Published: Tuesday, October 16, 2012

Updated: Tuesday, October 16, 2012 13:10


Three years after University President John J. DeGioia launched his Main Campus Initiative on Diversity and Inclusiveness, several of the project’s main goals have yet to be accomplished.

The initiative was introduced by DeGioia in April 2009 in response to a series of bias-related incidents — including offensive graffiti written on walls and statues and a controversial April Fools’ edition of The Hoya — and the release of a 300-page report on diversity published by the Student Commission for Unity that found that 76 percent of students “agreed” or “strongly agreed” that self-segregation is a problem on campus.

The initiative comprised three working groups that aimed to address inclusiveness and diversity in the areas of academics, admissions and student life.
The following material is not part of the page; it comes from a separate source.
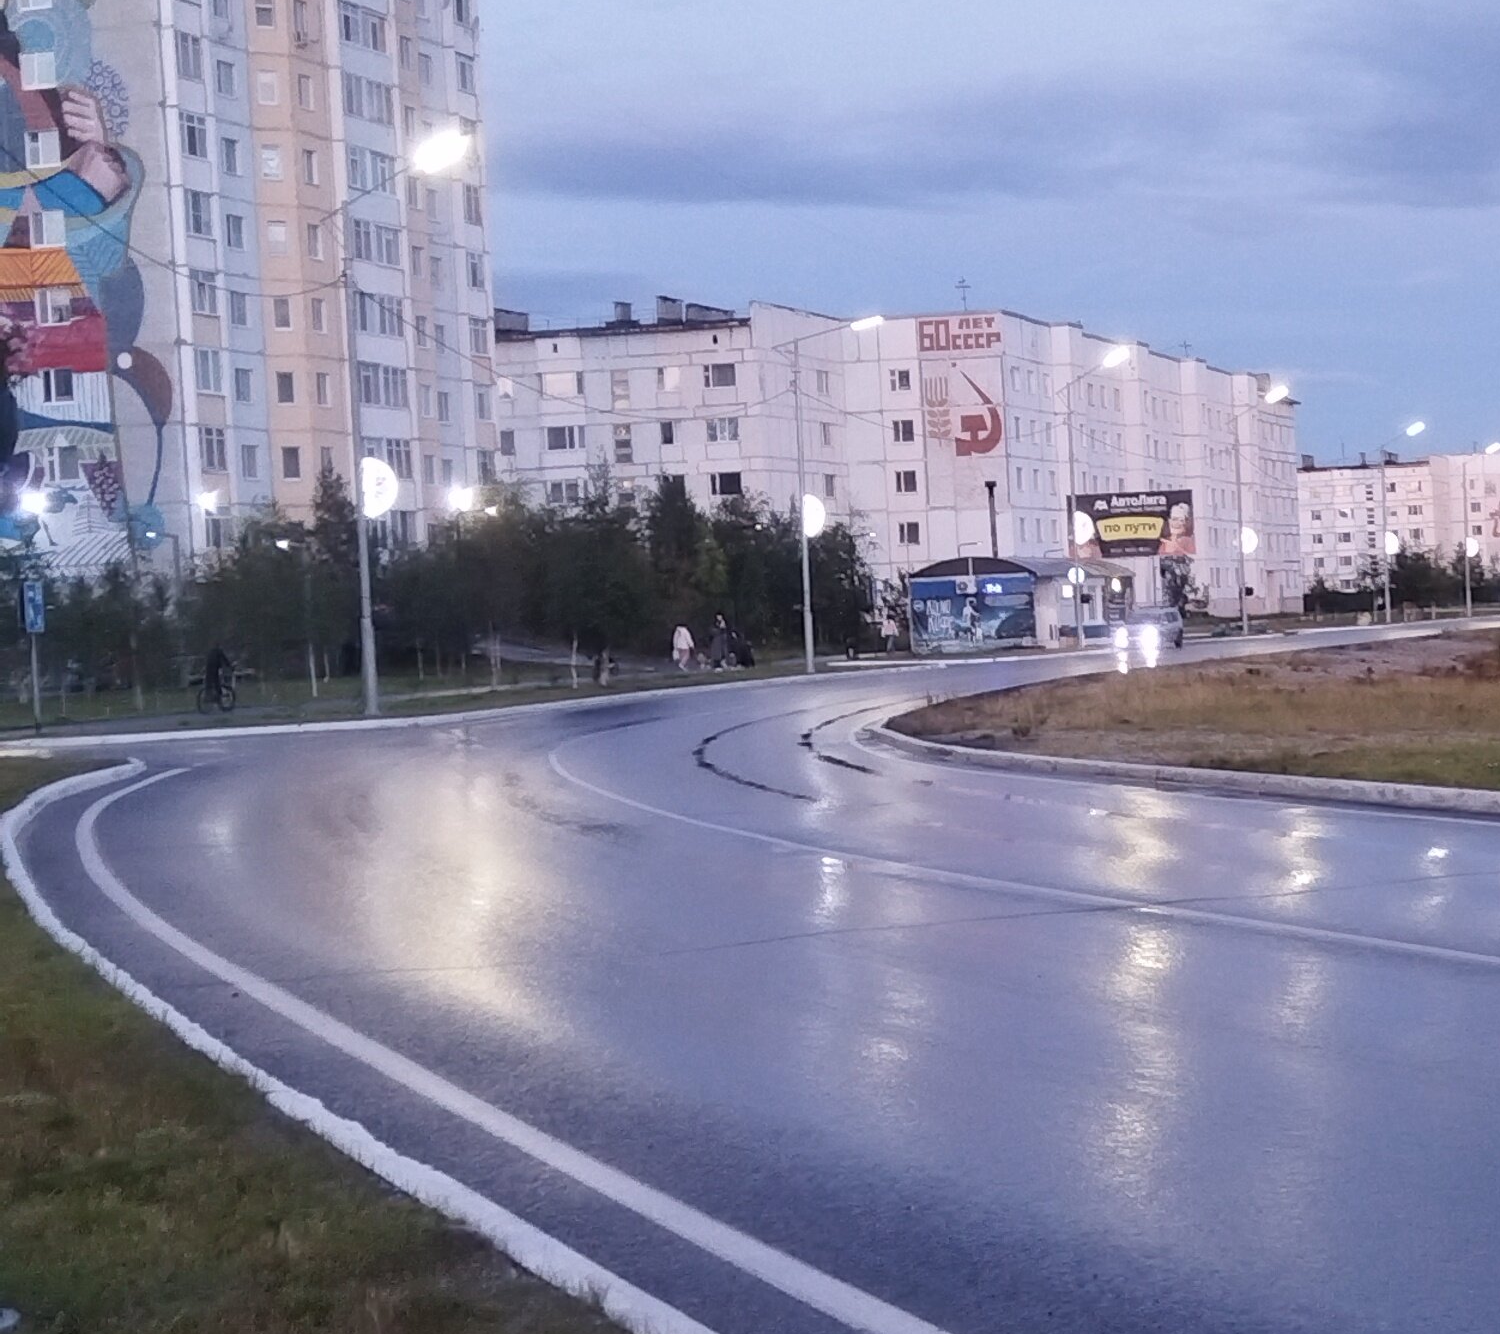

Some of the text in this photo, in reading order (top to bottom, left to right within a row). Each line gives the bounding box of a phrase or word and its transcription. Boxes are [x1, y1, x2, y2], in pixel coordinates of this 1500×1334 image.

The groups published their recommendations between December 2009 and May 2010.

Though Georgetown has successfully enacted some of the working groups’ recommendations — hiring more diverse faculty, increasing yield rates among minority students and implementing programs like the 1789 Scholarship Imperative, which aims to annually award 1,789 $25,000 scholarships to needystudents — other issues remain unresolved.

Current students and alumni who were involved in the initiative are now voicing concerns about whether the university has acted on the remaining recommendations, particularly those of the academic working group.
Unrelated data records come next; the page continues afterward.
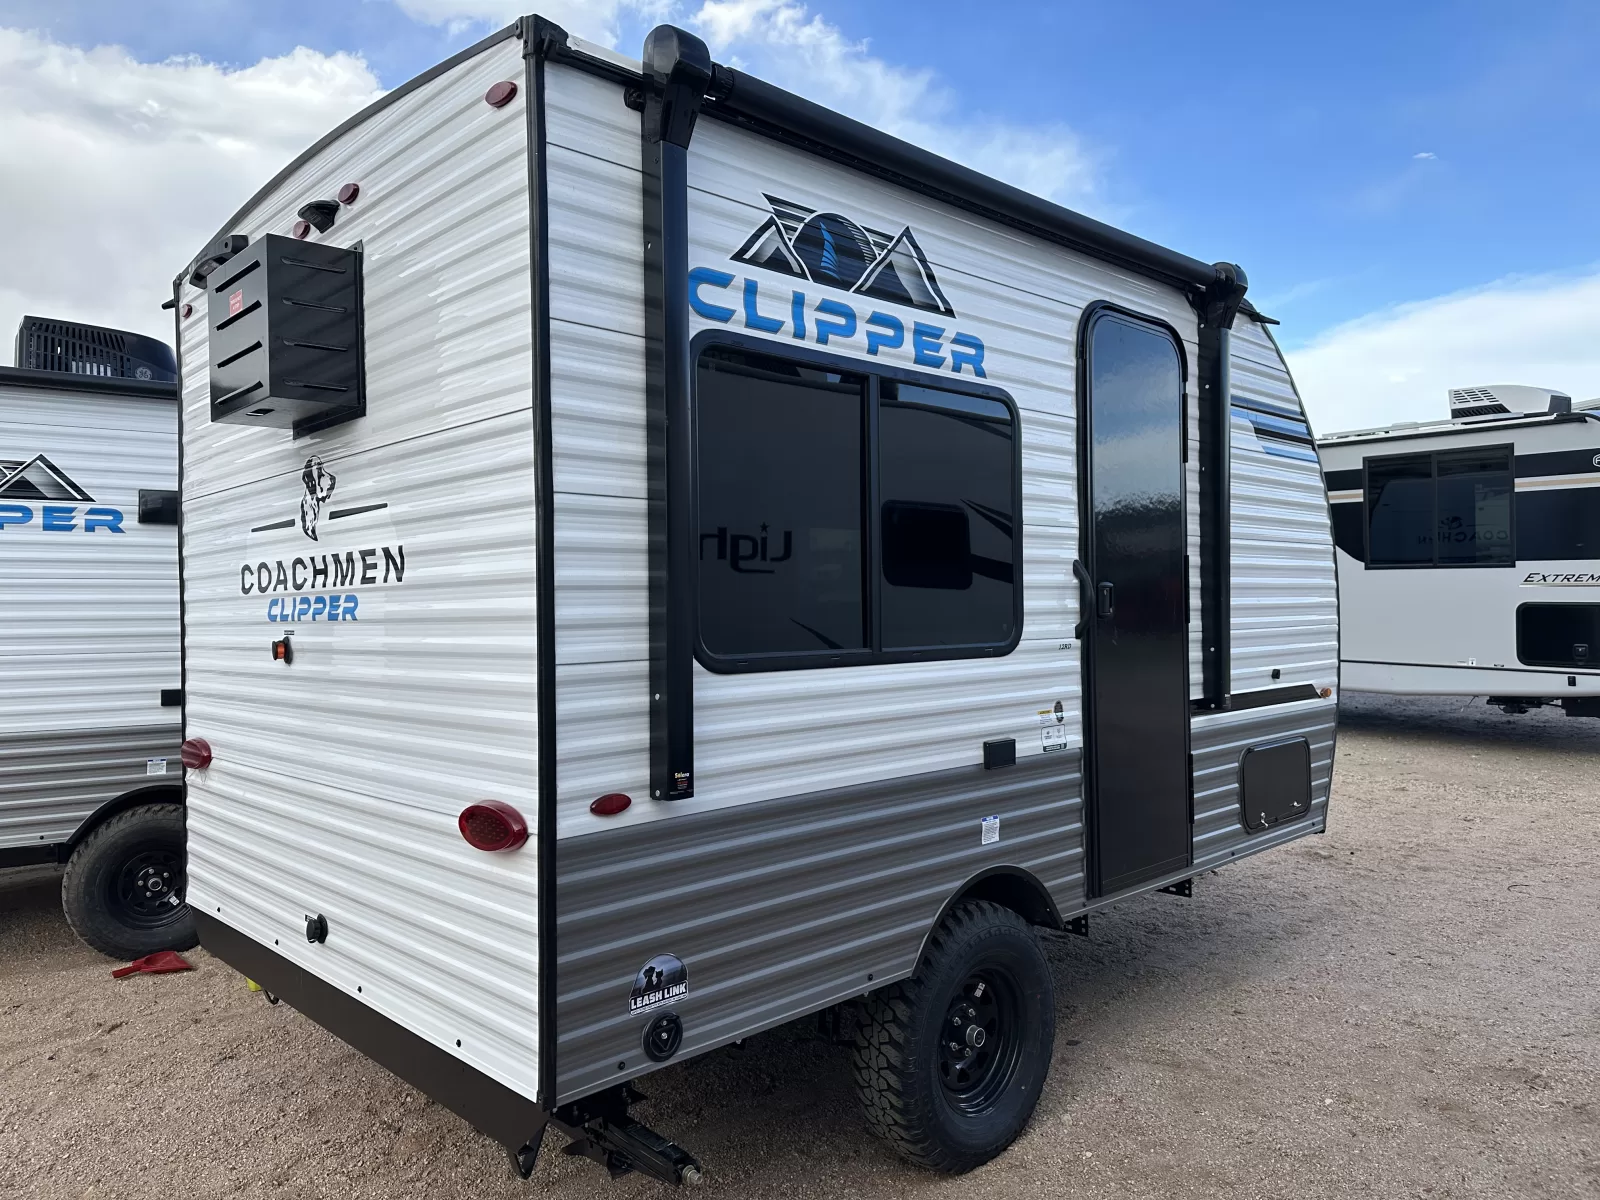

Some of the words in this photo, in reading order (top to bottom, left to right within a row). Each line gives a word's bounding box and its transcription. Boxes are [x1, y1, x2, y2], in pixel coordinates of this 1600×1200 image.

[688, 266, 987, 379] CLIPPER
[241, 545, 405, 595] COACHMEN
[267, 594, 359, 622] CLIPPER
[631, 990, 663, 1010] LEASH
[664, 982, 687, 999] LINK
According to Saaliha Khan (COL ’13), a diversity fellow in the Office of Campus Ministry, the initiative has faded from the forefront of university policy over the past few years.

“[The university] used to send out all-school blasts about the initiative, the working groups and the recommendations that were being implemented,” Khan said. “Recently, though, I haven’t seen anything.”

SCU member Zenen Jaimes (SFS ’13) expressed similar concerns.

“All the recommendations were kind of pushed aside, despite the fact that many students spent a lot of time on it to try to address a real problem,” Jaimes said. “[The school] simply moved forward without it, and the conversation about diversity on campus sort of ended with it.”

Vice President for Institutional Diversity and Equity Rosemary Kilkenny pointed to several of the working groups’ recommendations that have already been enacted, including the hiring of more minority faculty members and the successful implementation of diversity fellowships for professors and students.

According to Kilkenny, two Black professors, eight Asian professors and one Latina professor have been hired on the main campus since last winter.

She added that the university is now in the process of diversifying other administrative areas, including chaplains- and faculty-in-residence, professional staff and resident assistants.

Additionally, the Doyle Initiative, a program that encourages faculty to discuss topics of diversity and tolerance during lectures, ensures that professors broach the topic of acceptance in the classroom.

“Faculty [members] are continuing to take advantage of that program by enhancing their pedagogical approaches to teaching,” Kilkenny wrote in an email.

During the past two academic years, nine undergraduate diversity fellows — including Khan — have been assigned to the Office of Institutional Diversity, Equity and Affirmative Action, the Office of Campus Ministry, the Center for Multicultural Equity and Access, the LGBTQ Resource Center, the Women’s Center, the School of Nursing & Health Studies and the Center for Child and Human Development.

“Diversity … is a collaborative effort that permeates the campus,” Kilkenny wrote.

Kilkenny said that the initiative is still in the implementation phase but that students have expressed frustration about the initiative’s slow progress.

“We were under the impression that the university would, in a timely and open fashion, let us know which recommendations would be accepted and which wouldn’t, but that hadn’t come to pass by the time I graduated,” said Ryan Wilson (COL ’12), a member of SCU and a co-chair of the admissions and recruitment working group. “We had no idea about what was being done.”

Wilson pointed to components of the initiative that have stalled, particularly the academic working group’s recommendation that the university develop its minority studies programs.

“The academics working group had put forth recommendations for expanding the African American studies department and creating formal African American, Latino and Asian American studies majors,” Wilson said. “The school has yet to act upon these recommendations.”

According to the SCU’s 2008 report, 95 percent of Georgetown’s peer universities — defined as all other members of the Consortium on Financing Higher Education and all Jesuit schools — already have an African American studies major. Another two-thirds have a Latin American studies major and one-third offer majors in Asian American studies.

Additionally, around 70 percent of these schools include diversity courses in their core curricula, another primary concern for students involved in the initiative.